The three possible titles actually are: Haibane Renmei, Ailes Grises or Charcoal Feather Federation.
And once again, the reason I’m making a post about it is both the art and the plot.
As you probably noticed, the first thing that got my attention was the artwork. Yoshitoshi ABe is the same author from Serial Experiments Lain.
The impression I had was of an animated painting, with scenarios that couldn’t be compared to anything else I had lay my eyes to.
And then, when I started watching it, the plot proved to be as unique as the artwork.
It’s centered on Rakka, and the anime begins with her “birth”.
She’s the new Haibane, and one of the few things we know is that they are born on cocoon, at different ages, and they know nothing about their previous selfs.
Here’s the episode zero, prelude or promo:
Haibanes are all born in Old Home, which looks like a really old apartment complex, located in the town of Glie that is isolated from the rest of the world by huge walls.
Inside the walls basically 3 different “classes” live together… the Haibanes, normal humans and the Toga, the only ones that can have access to outside the walls, only they never speak and never reveal their faces.

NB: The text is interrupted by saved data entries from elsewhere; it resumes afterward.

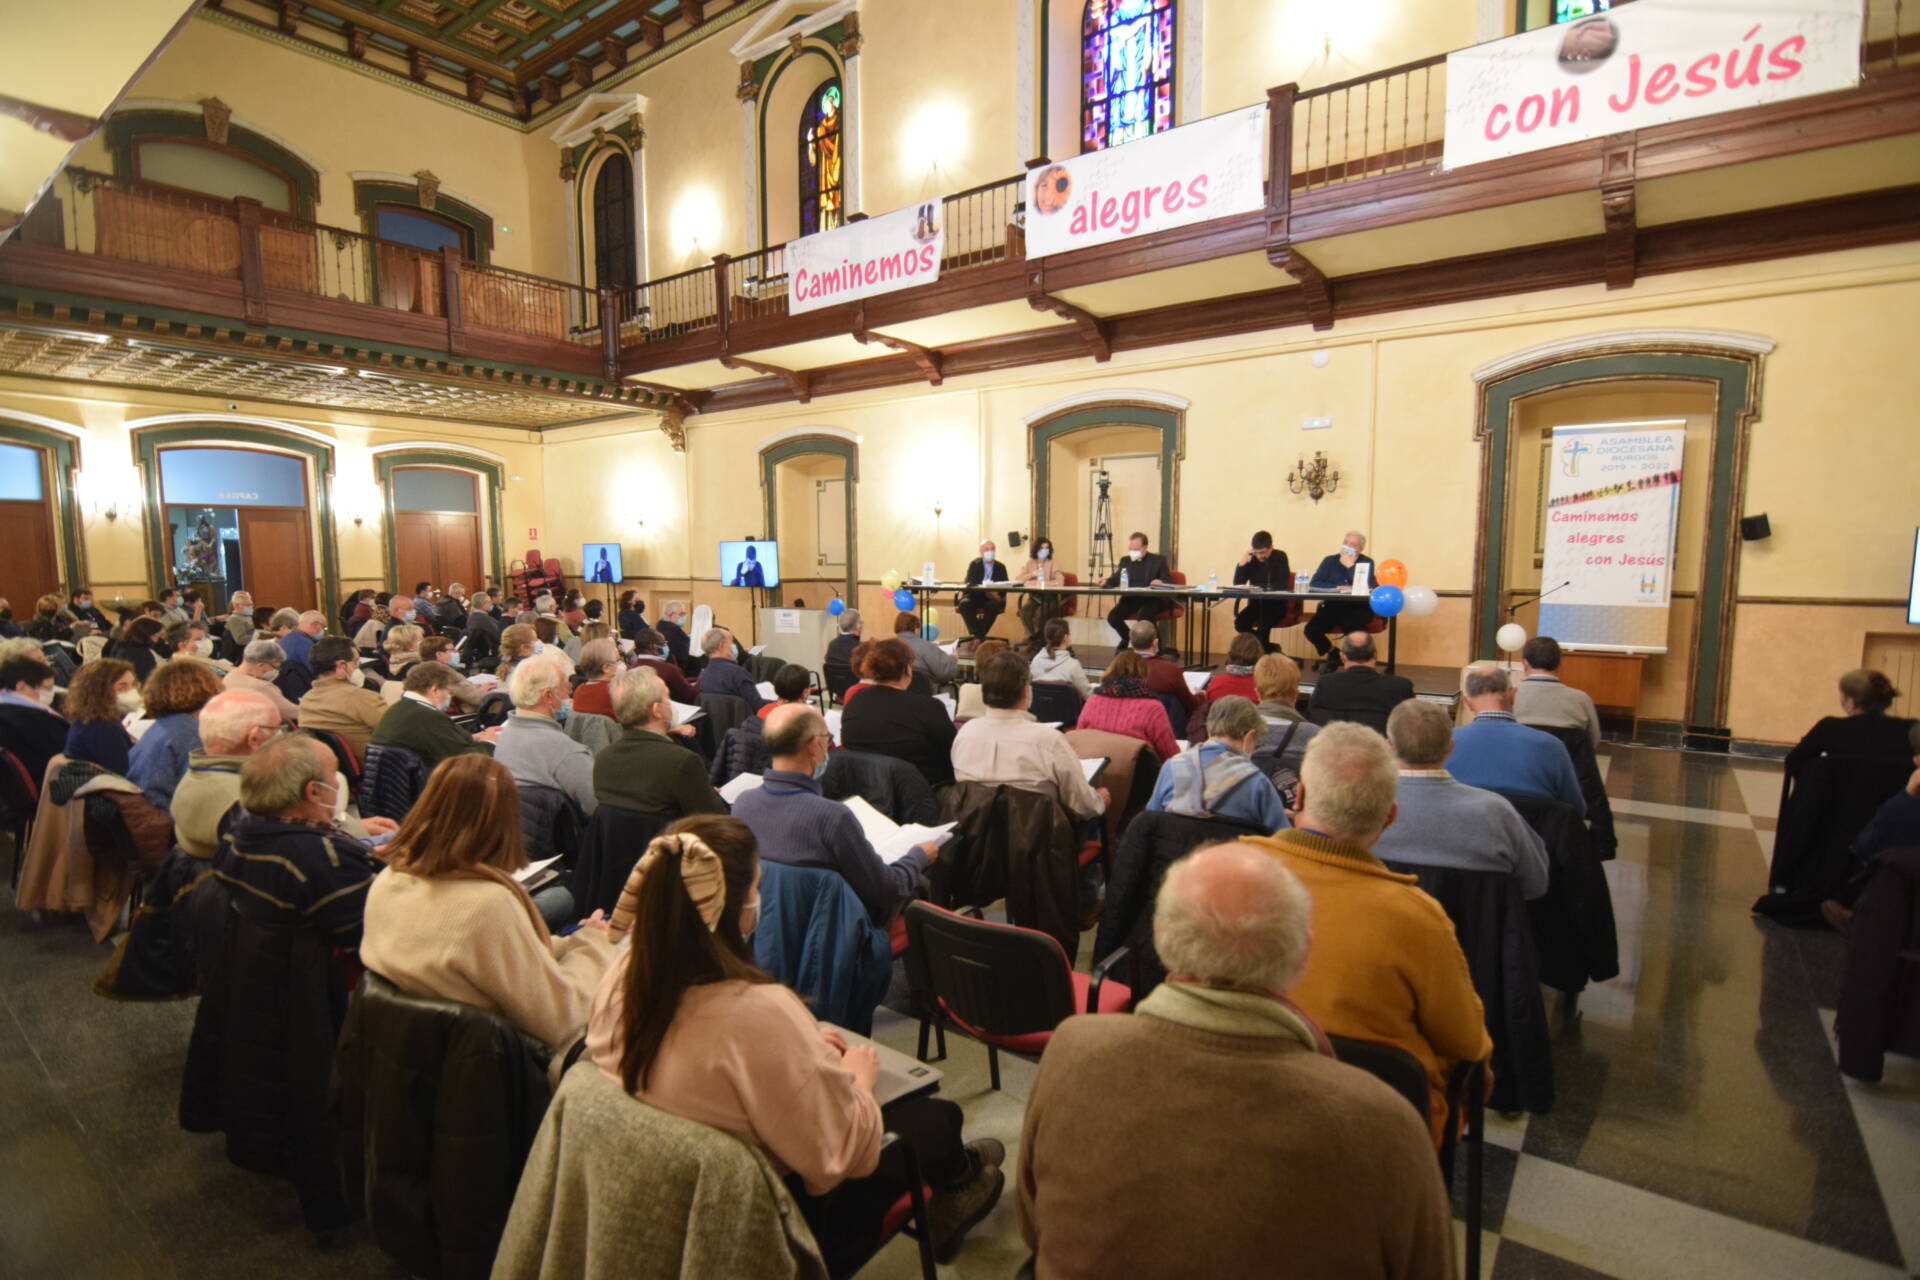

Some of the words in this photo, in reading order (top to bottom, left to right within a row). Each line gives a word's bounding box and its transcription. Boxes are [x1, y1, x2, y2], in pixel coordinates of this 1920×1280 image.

[1484, 84, 1580, 141] con
[1608, 24, 1806, 113] Jesús
[1069, 173, 1209, 236] alegres
[794, 243, 935, 302] Caminemos
[1600, 435, 1673, 446] ASAMBLEA
[1596, 444, 1675, 455] DIOCESANA
[1641, 462, 1670, 470] 2022
[1551, 511, 1639, 523] Caminemos
[1567, 532, 1625, 546] alegres
[1585, 555, 1612, 566] con
[1618, 553, 1665, 567] Jesús

Despite the plot surrounded in mistery, the anime follows a slow pace, with Rakka trying to find her own way of living with the new friends and situation. It might take some getting used to, just like most complex animes.

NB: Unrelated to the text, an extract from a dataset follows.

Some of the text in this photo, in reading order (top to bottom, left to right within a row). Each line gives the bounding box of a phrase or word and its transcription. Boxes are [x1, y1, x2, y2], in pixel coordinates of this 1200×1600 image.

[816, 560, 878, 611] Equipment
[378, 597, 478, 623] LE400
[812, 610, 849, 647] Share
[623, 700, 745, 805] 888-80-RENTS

Religion is never explicitly raised as a subject, but it can be considered as one of the themes… since the Haibanes have wings and halo, and people are bound to think about that.
But as I see, the main themes here are: some political content, trying to live despite hardships, trying to adapt to a new place, choices we make in life, lots of feelings like friendship, guilt and regret, and finally death.
It’s truly a masterpiece. One of those stories you’ll be able to watch when you get older, and then analyze it’s content once again, taking new conclusions from it.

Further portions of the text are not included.